ASSIGNMENT -
An exact transcription of every entry is required. Images are not part of it.

(DATA SUPPLIED)

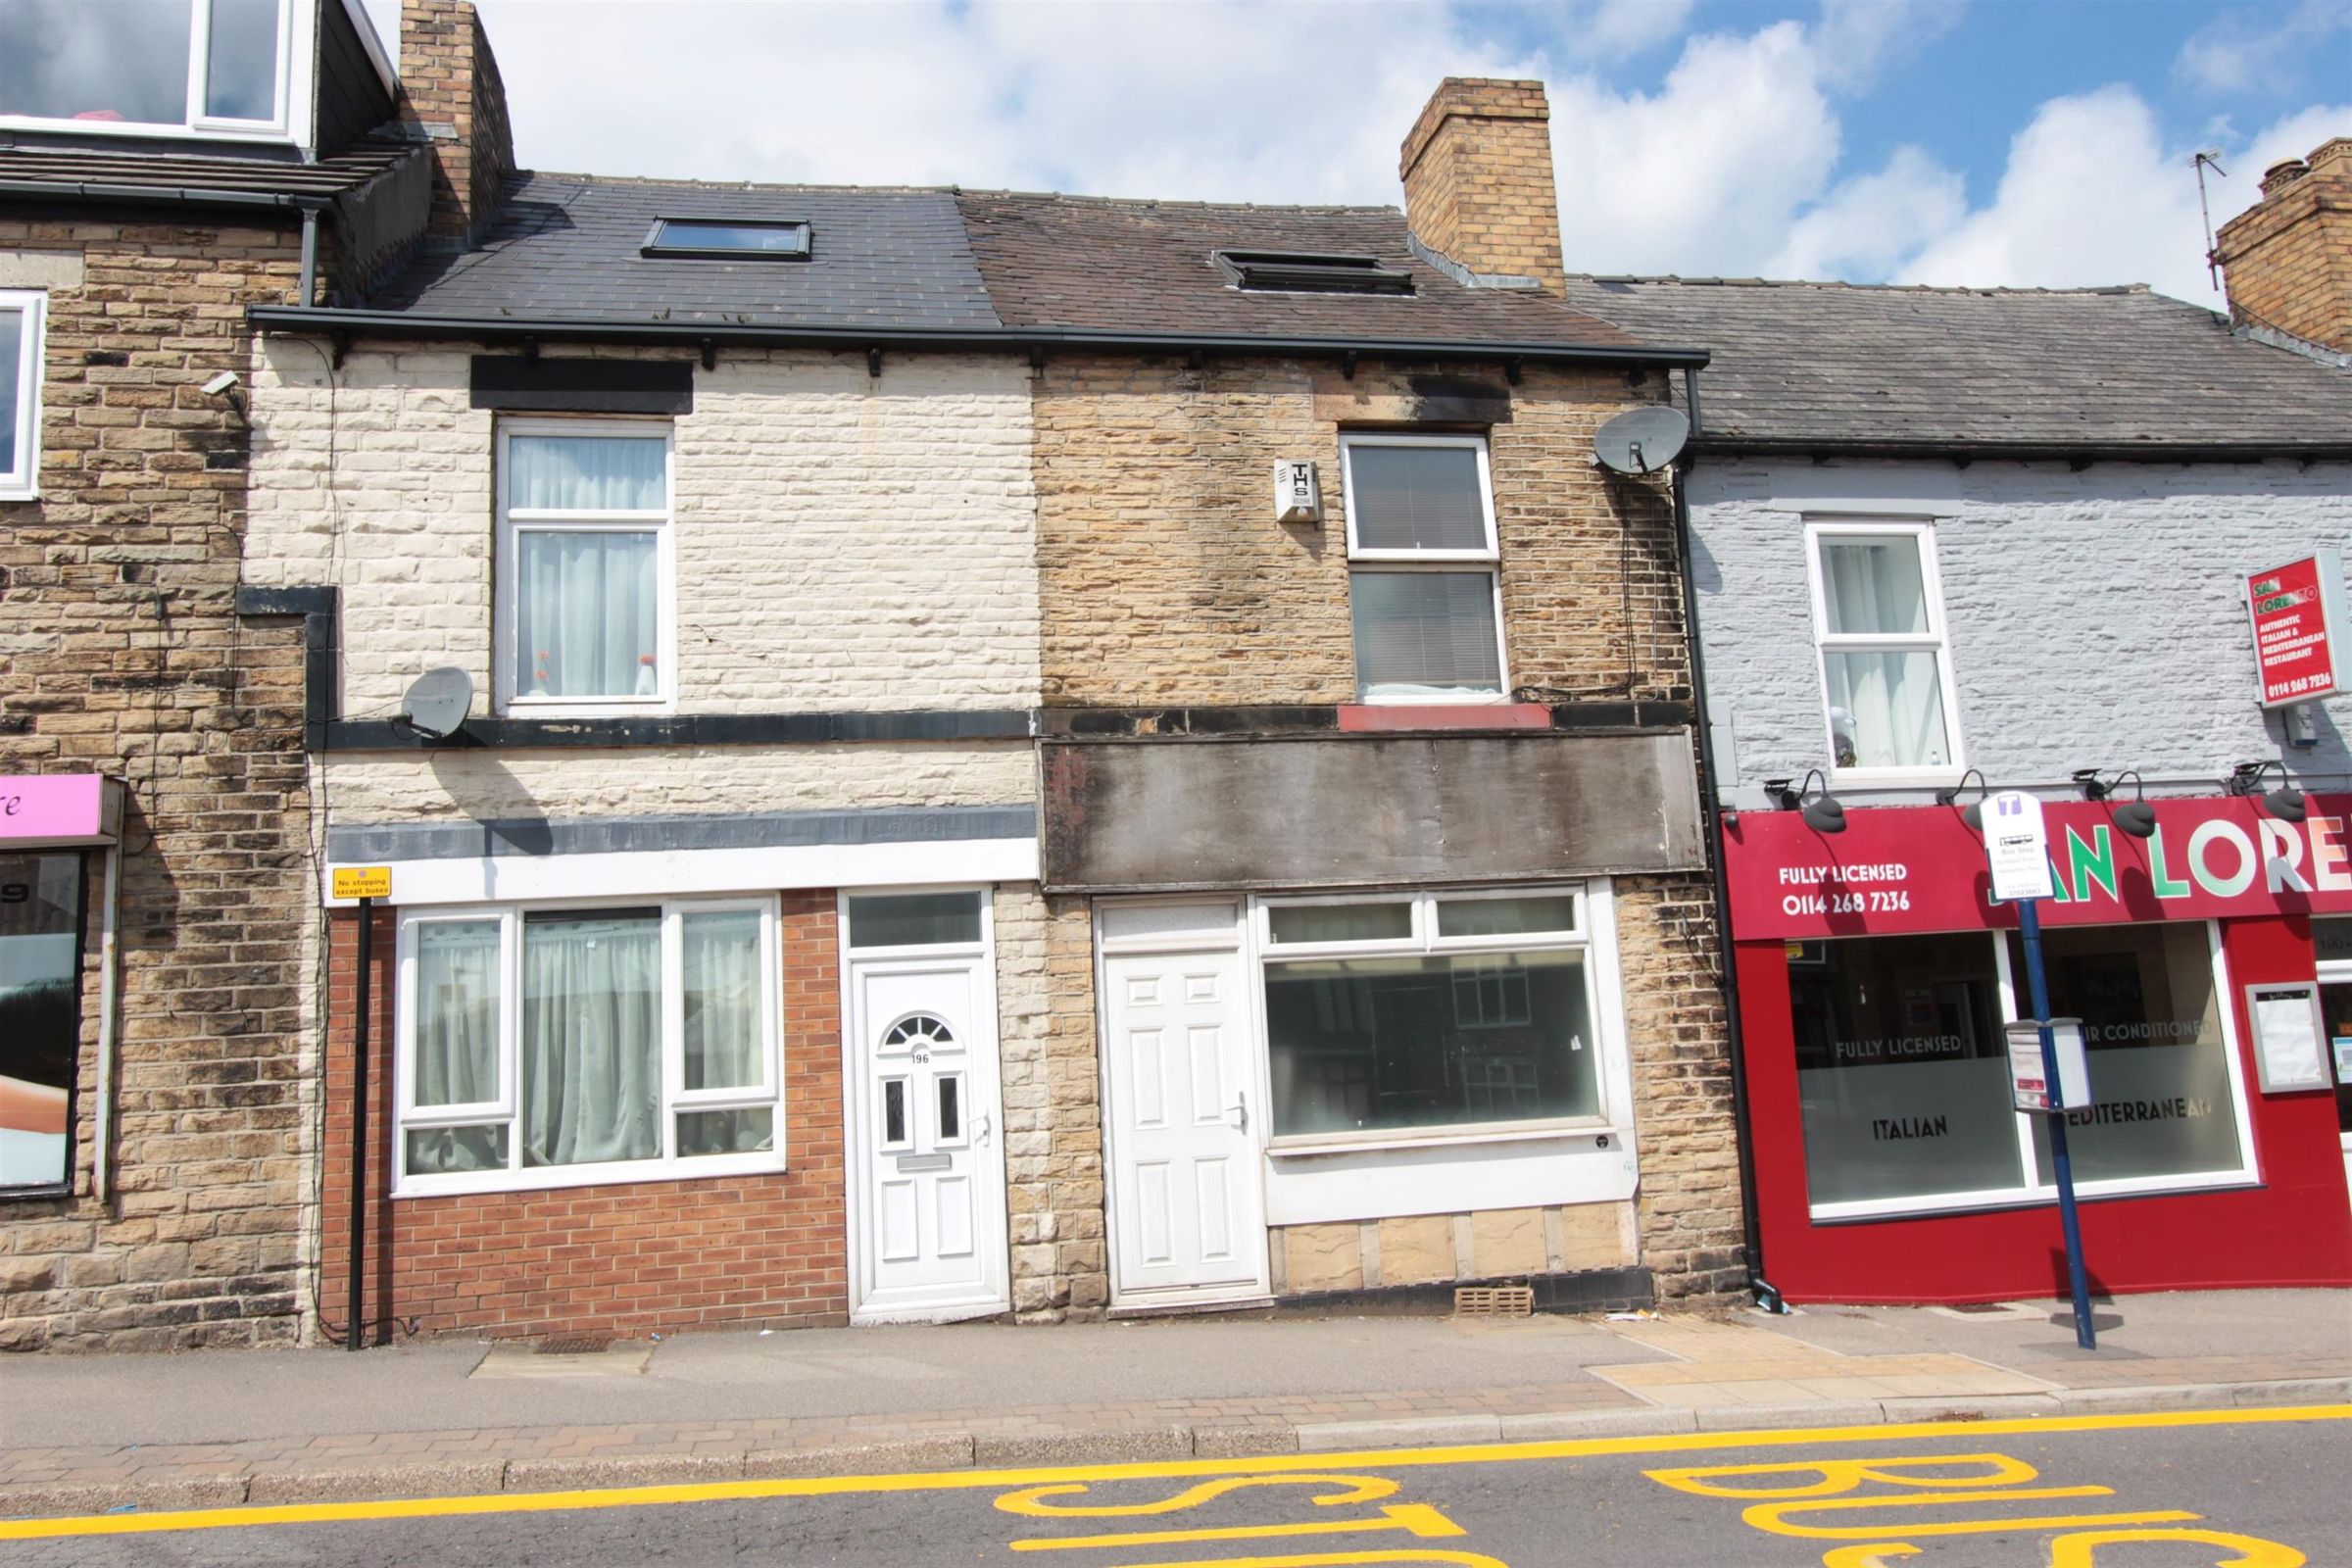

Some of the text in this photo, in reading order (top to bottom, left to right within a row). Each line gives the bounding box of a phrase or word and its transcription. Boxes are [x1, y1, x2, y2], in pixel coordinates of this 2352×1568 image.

[1292, 464, 1308, 496] THS
[2252, 575, 2281, 598] SAN
[2259, 614, 2301, 633] AUTHENTIC
[2261, 629, 2291, 644] ITALIAN
[2262, 631, 2326, 656] MEDITERRANEAN
[2264, 648, 2313, 666] RESTAURANT
[2268, 672, 2331, 698] 0114 268 7236
[353, 878, 386, 887] stopping
[1779, 863, 1907, 885] FULLY LICENSED
[1782, 892, 1910, 916] 0114 268 7236
[1836, 1020, 2212, 1059] FULLY LICENSED IR CONDITIONED
[911, 1054, 929, 1064] 196
[1873, 1097, 2212, 1141] ITALIAN EDITERRANEAN
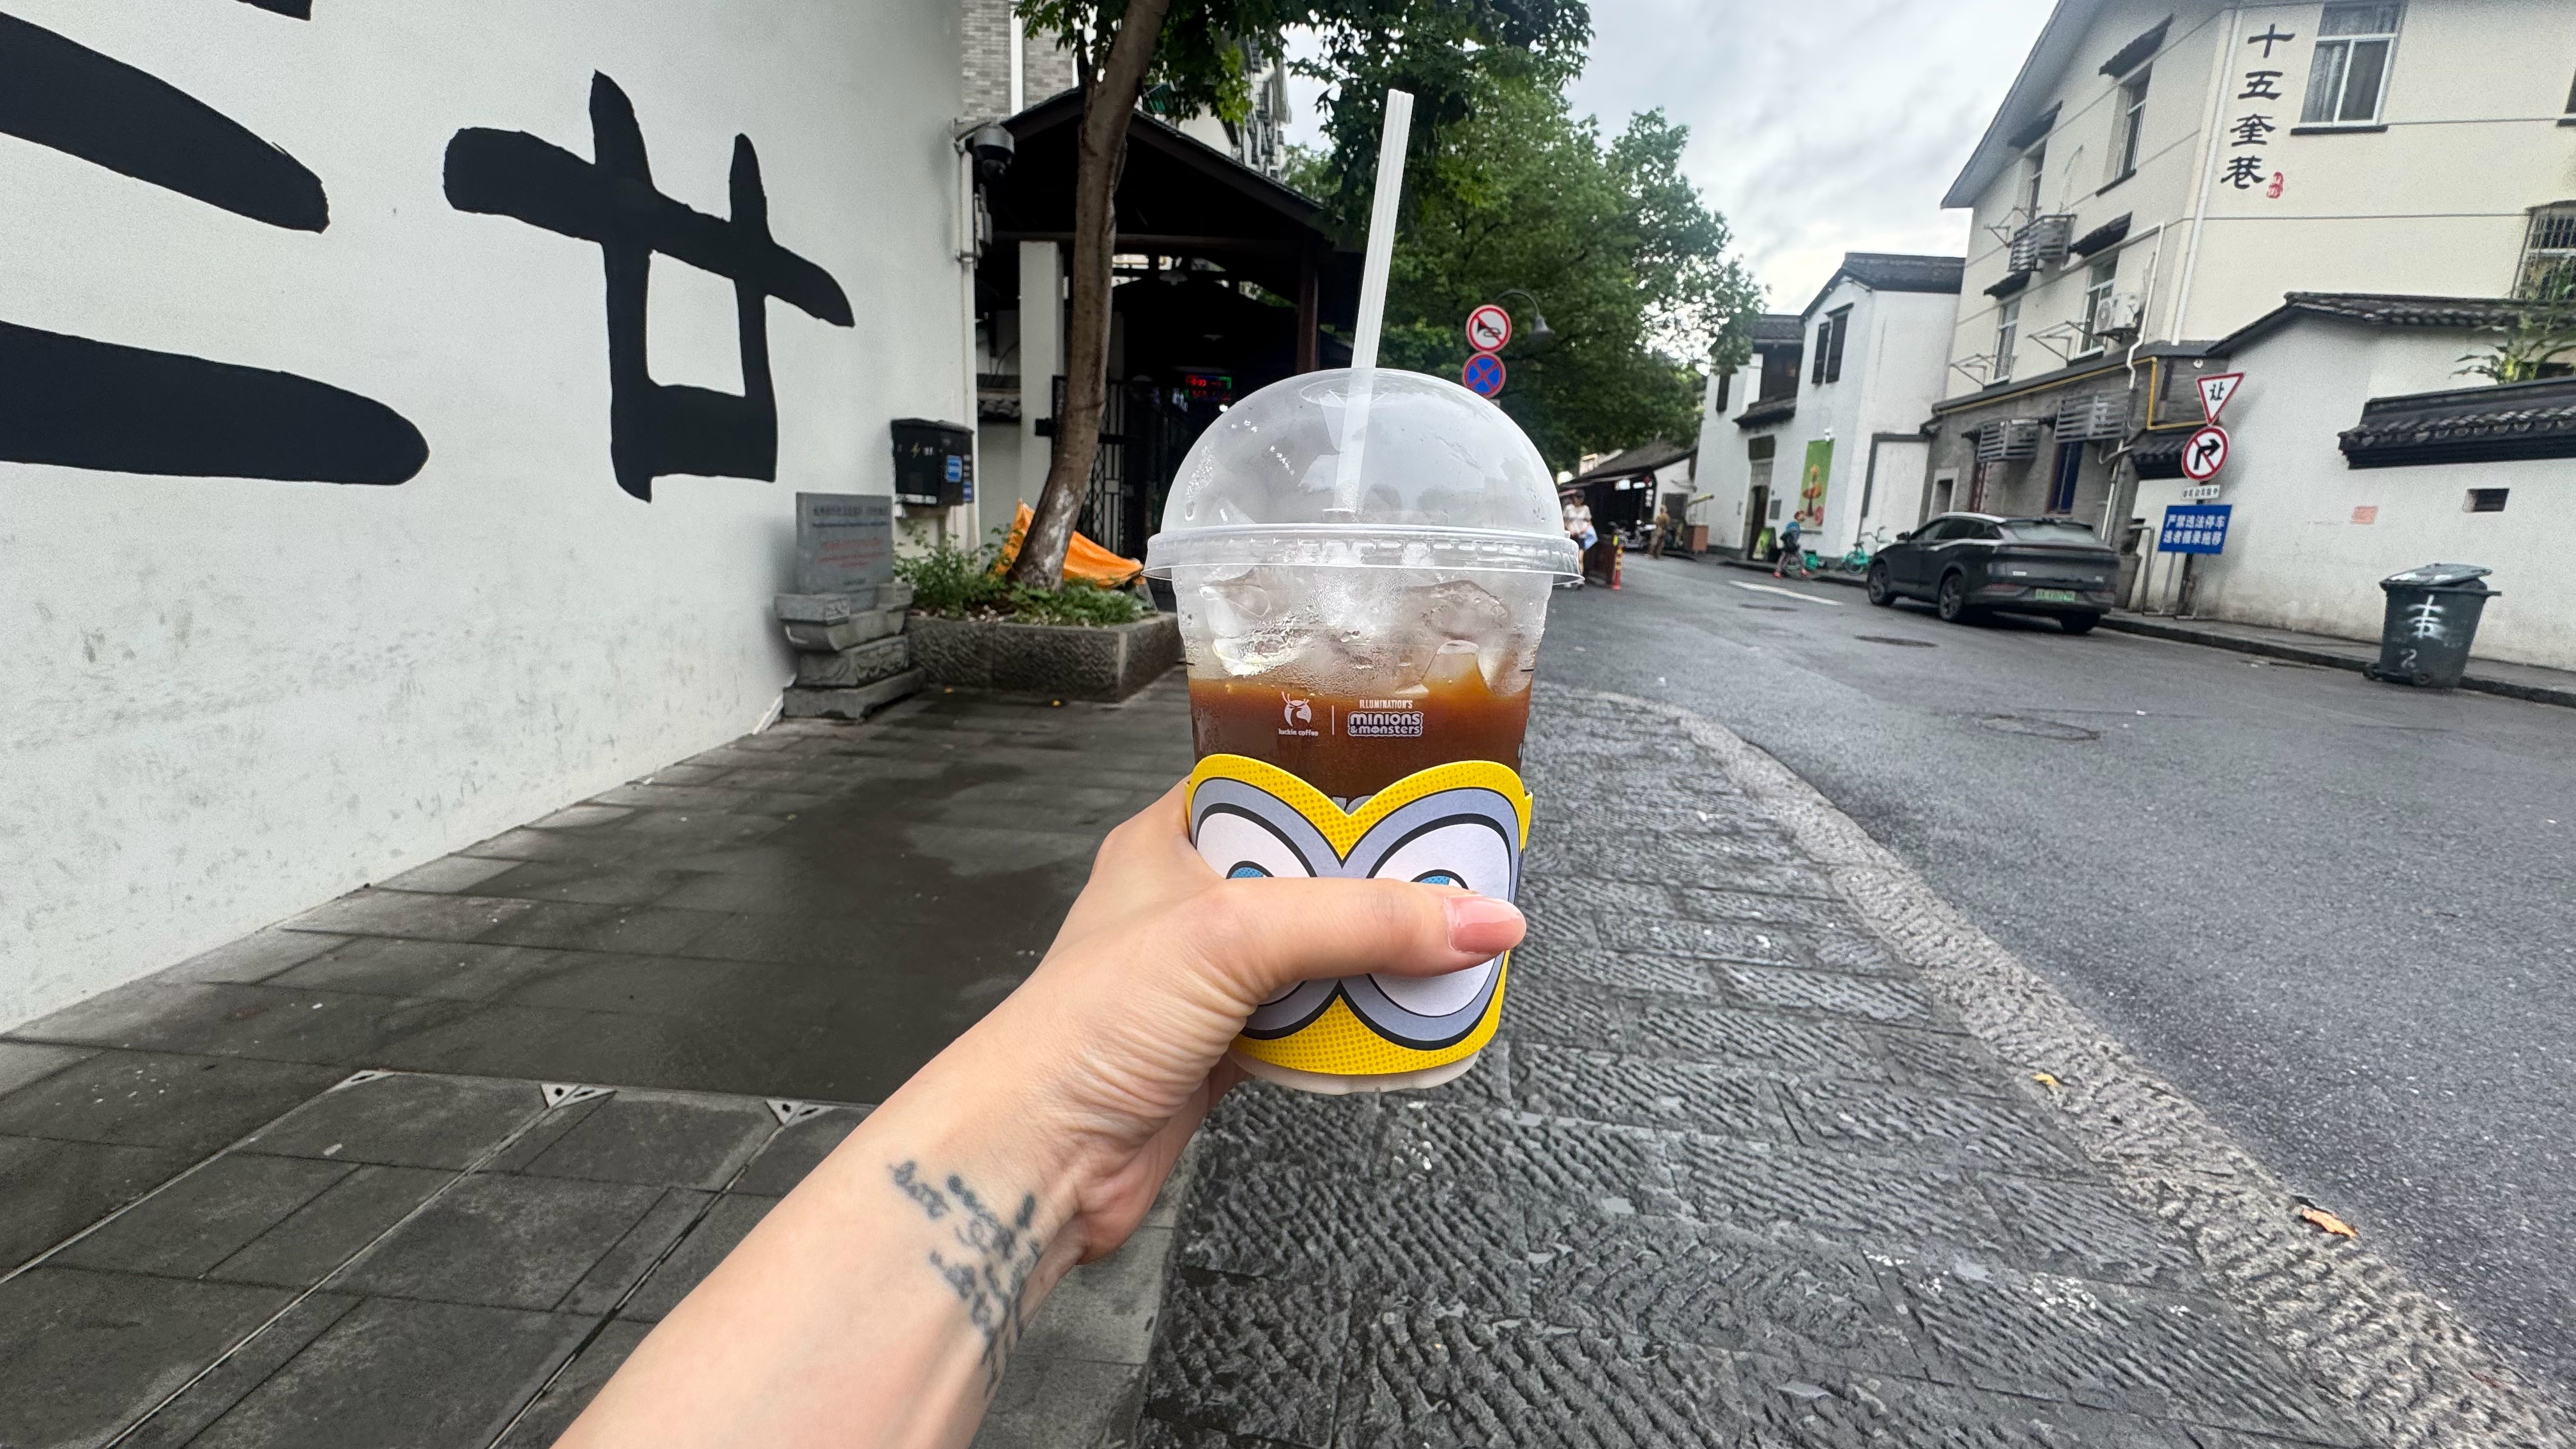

(End DATA SUPPLIED)

REPLY TO THE EXERCISE -
Some of the text in this photo, in reading order (top to bottom, left to right within a row). Each line gives the bounding box of a phrase or word and its transcription. Boxes are [x1, y1, x2, y2], in pixel coordinates of this 2352×1568 image.

[1292, 464, 1308, 496] THS
[2252, 575, 2281, 598] SAN
[2259, 614, 2301, 633] AUTHENTIC
[2261, 629, 2291, 644] ITALIAN
[2262, 631, 2326, 656] MEDITERRANEAN
[2264, 648, 2313, 666] RESTAURANT
[2268, 672, 2331, 698] 0114 268 7236
[353, 878, 386, 887] stopping
[1779, 863, 1907, 885] FULLY LICENSED
[1782, 892, 1910, 916] 0114 268 7236
[1836, 1020, 2212, 1059] FULLY LICENSED IR CONDITIONED
[911, 1054, 929, 1064] 196
[1873, 1097, 2212, 1141] ITALIAN EDITERRANEAN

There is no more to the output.